‘The government ban on substances like cannabis and MDMA seems simply to be in
place to stop young people having fun’ says Professor David Nutt, a psychiatrist and
neuropsychopharamacologist (fuck), as he talks to a packed out crowd of students who
are probably only there to get their minor drug habits supported by science.
The talk Professor Nutt gave was immersed in the politics of government and their
Advisory Council on the Misuse of Drugs (ACMD), from which he was fired after his
claims that, statistically speaking, ‘riding a horse is more dangerous than ecstasy’. Lad.
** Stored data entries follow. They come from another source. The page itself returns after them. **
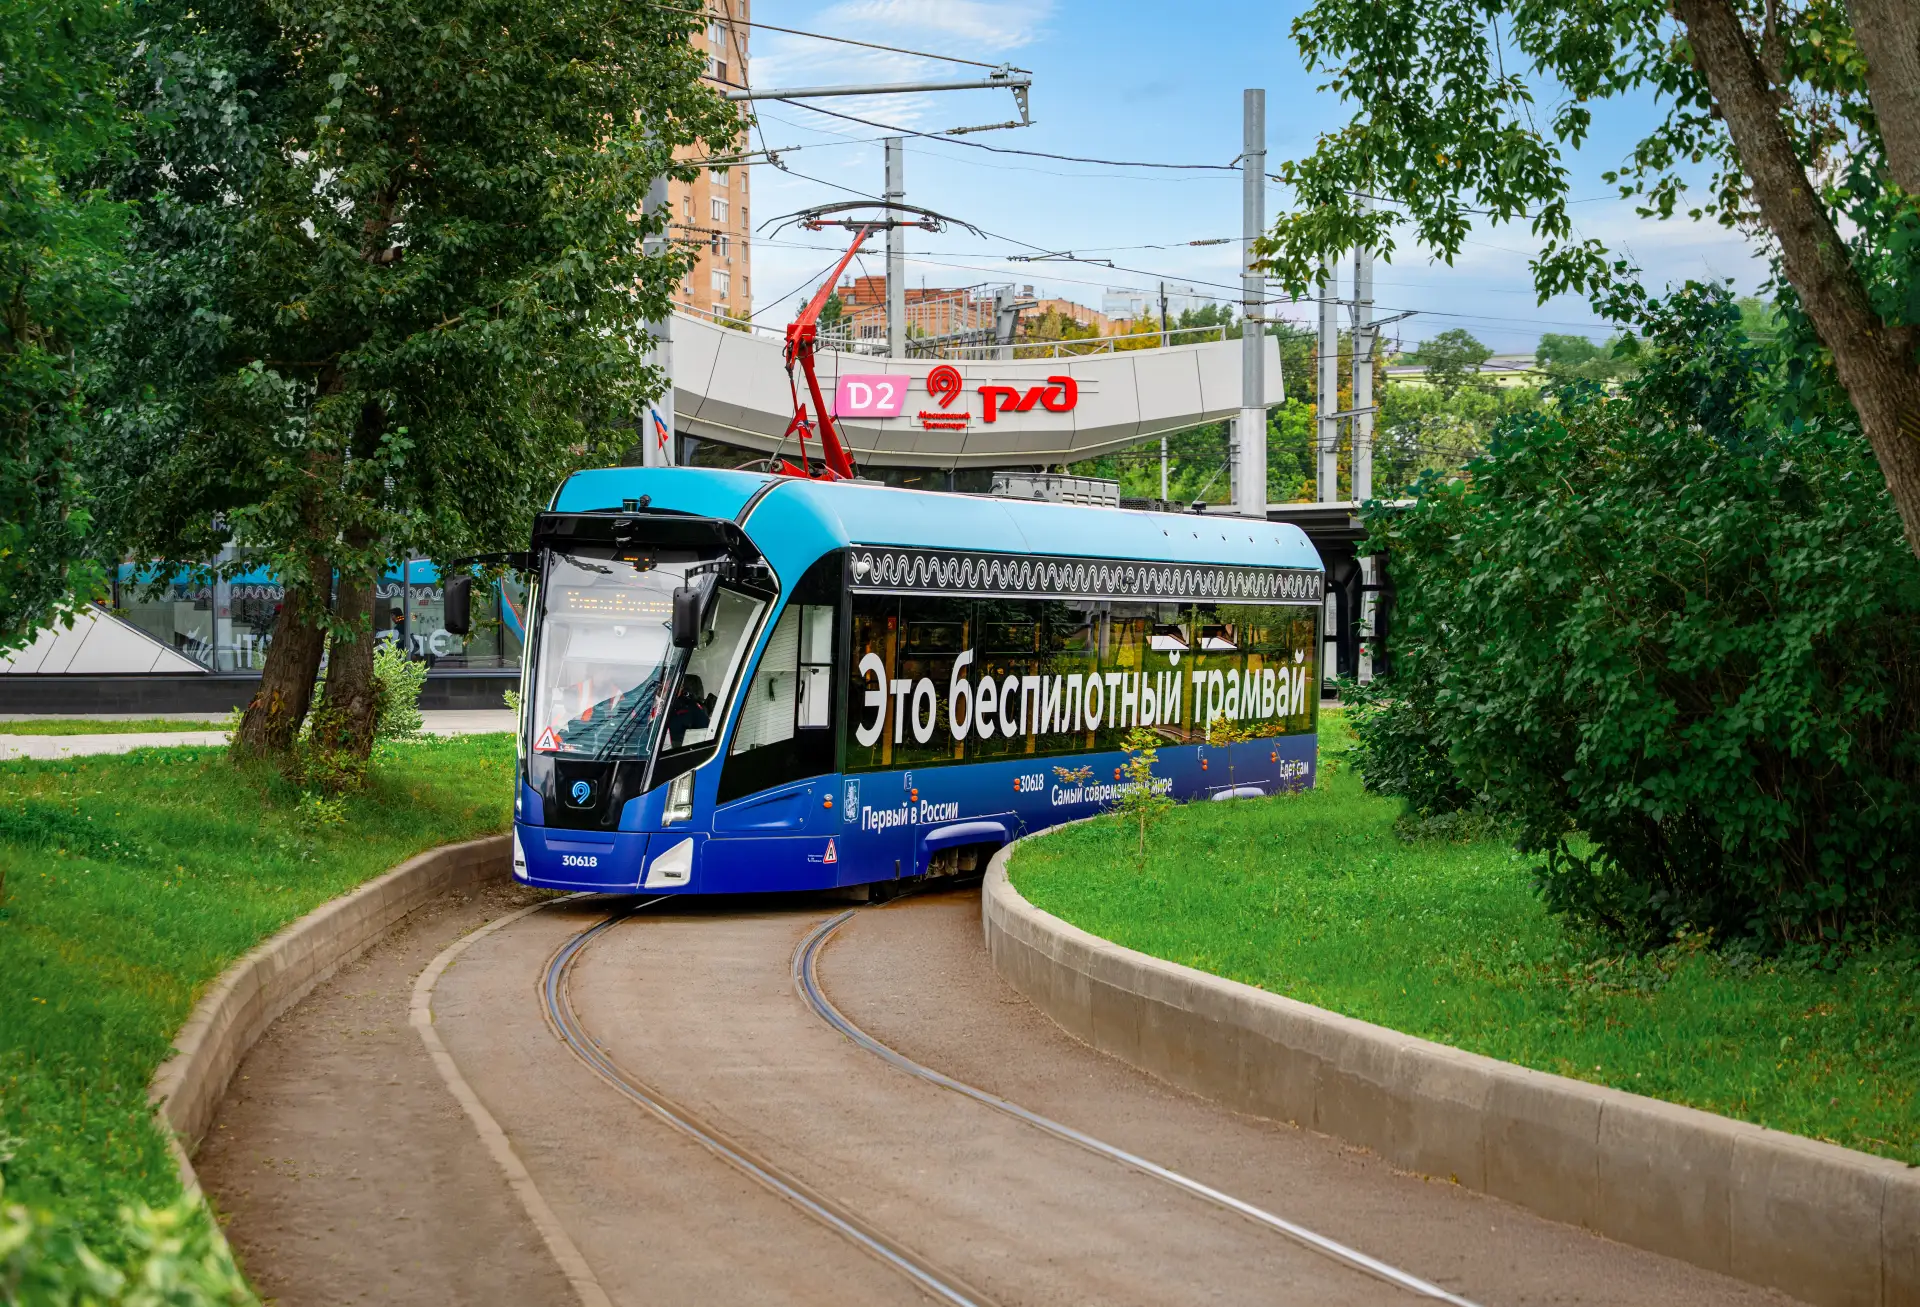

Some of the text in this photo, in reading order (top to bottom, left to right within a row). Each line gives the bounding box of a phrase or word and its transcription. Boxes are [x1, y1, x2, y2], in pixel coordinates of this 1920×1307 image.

[847, 382, 895, 410] D2
[918, 410, 971, 420] Московский
[855, 647, 1306, 747] Это беспилотный трамвай
[1020, 773, 1044, 792] 30618
[1279, 759, 1309, 781] Едет сам
[1051, 780, 1083, 807] Самый
[1084, 778, 1145, 806] современн
[861, 800, 959, 834] Первый в России
[562, 854, 598, 868] 30618
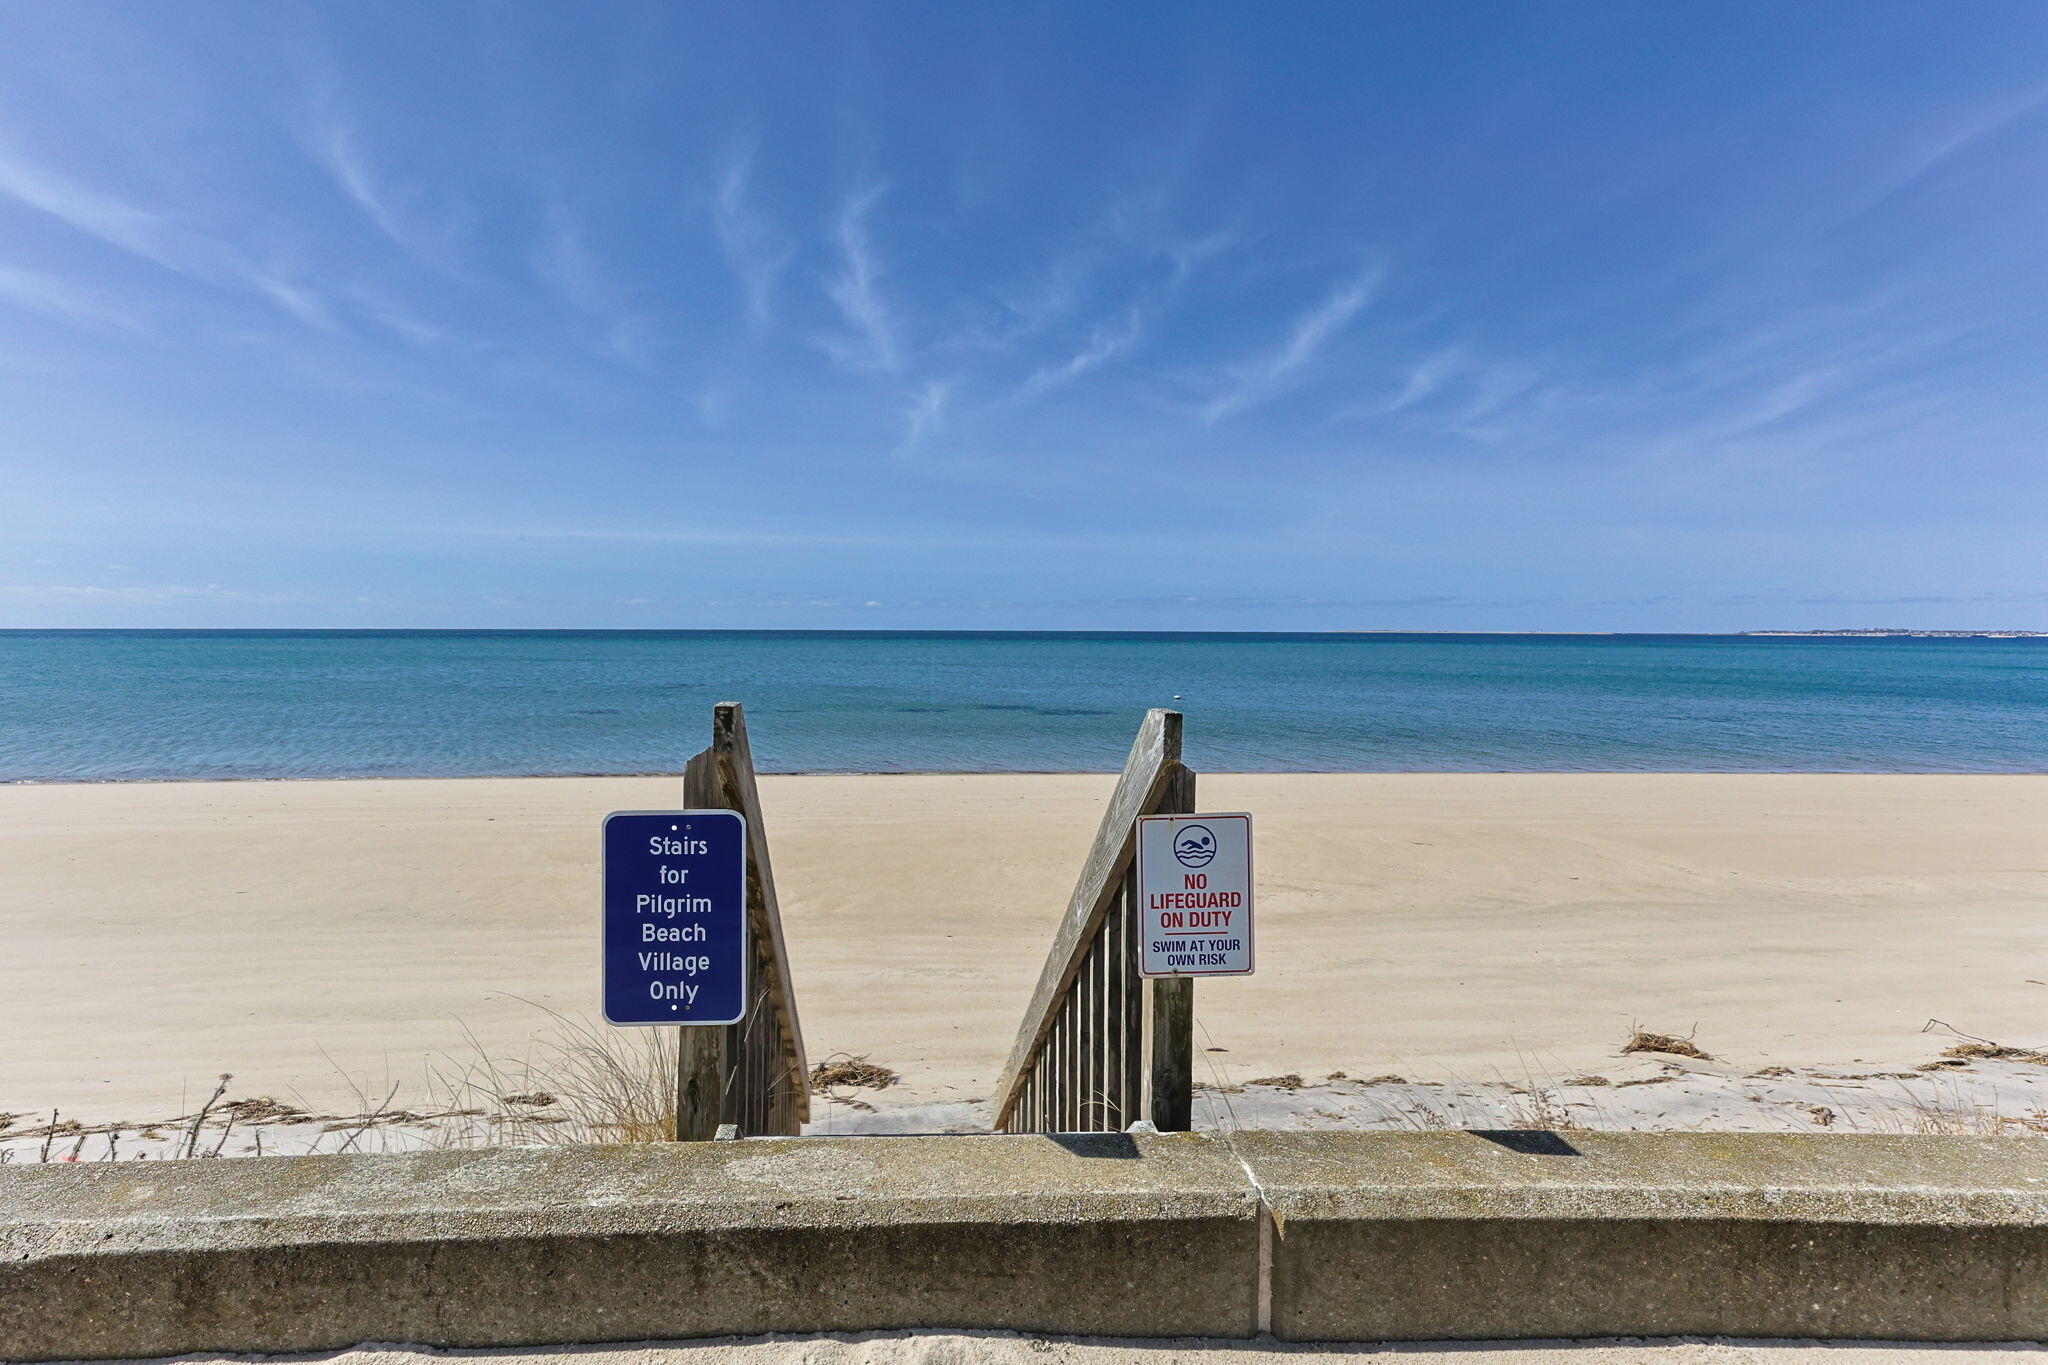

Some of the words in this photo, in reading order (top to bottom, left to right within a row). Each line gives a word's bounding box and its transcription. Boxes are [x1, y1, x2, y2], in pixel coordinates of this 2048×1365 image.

[650, 836, 708, 855] Stairs
[659, 865, 689, 884] for
[1184, 873, 1208, 890] NO
[636, 894, 712, 919] Pilgrim
[1150, 891, 1242, 910] LIFEGUARD
[1160, 912, 1183, 929] ON
[1189, 910, 1233, 928] DUTY
[642, 923, 706, 942] Beach
[1152, 940, 1186, 953] SWIM
[1189, 939, 1205, 952] AT
[1208, 939, 1241, 952] YOUR
[638, 952, 710, 977] Village
[1167, 953, 1195, 966] OWN
[1198, 953, 1227, 966] RISK
[650, 981, 699, 1004] Only
One of the biggest revelations of his talk was how politicians had completely ignored
concrete evidence from researchers at the ACMD when they declared the rationale for
their drug policy. For instance, Gordon Brown reclassified cannabis from Class C to
B in 2009 under the guise that it caused schizophrenia, despite the ACMD stating that
their evidence was completely against this claim. Even more staggering was the research
that went into the decision to ban mephedrone, when the ACMD was asked to prepare
a risk assessment of the drug two days before the vote for its illegalisation; essentially
banning something where the pharmacology had never been investigated, and the actual
physiological effects were completely unknown.
Important issues about the slant in the press were highlighted as well. Drone was only
banned because newspapers reported that it had led to the deaths of a number of young
people, though coroner’s reports often declared alcohol poisoning was the cause of
death. It was just a coincidence that these kids had taken mephedrone; you wouldn’t ban
Radio 2 because its playing when a drunk-driver crashes into a wall. Research into what
newspapers actually report found only a fraction of alcohol-related deaths were reported,
while every single ecstasy made into the tabloids somewhere.
But for all his merits, Nutt was clearly biased in his view, because for some time at least
he was the government’s bitch. He was just a bit aggy about it. An important thing to
take from him though is that governments don’t ban things because they are dangerous.
Huge numbers of people die from alcohol, but you can get a Kestrel from any corner
shop for £1. But drugs that are illegal, in effect, are still just pharmacological agents. Some are actually quite useful. Aside from the obvious pain-relieving effects of cannabis in horrific conditions
like multiple sclerosis, experimental work with controlled substances is proving fruitful.
One of the tutors here at Oxford is pioneering the use of psilocybin (the active ingredient
in shrooms) to treat depression.
So all in all, it seems that we are back where we started.
Looking at the concrete figures in the mess of unsubstantiated claims, I can only really
make one informed recommendation:
If you’re gonna pop some pills, don’t ride a fucking horse.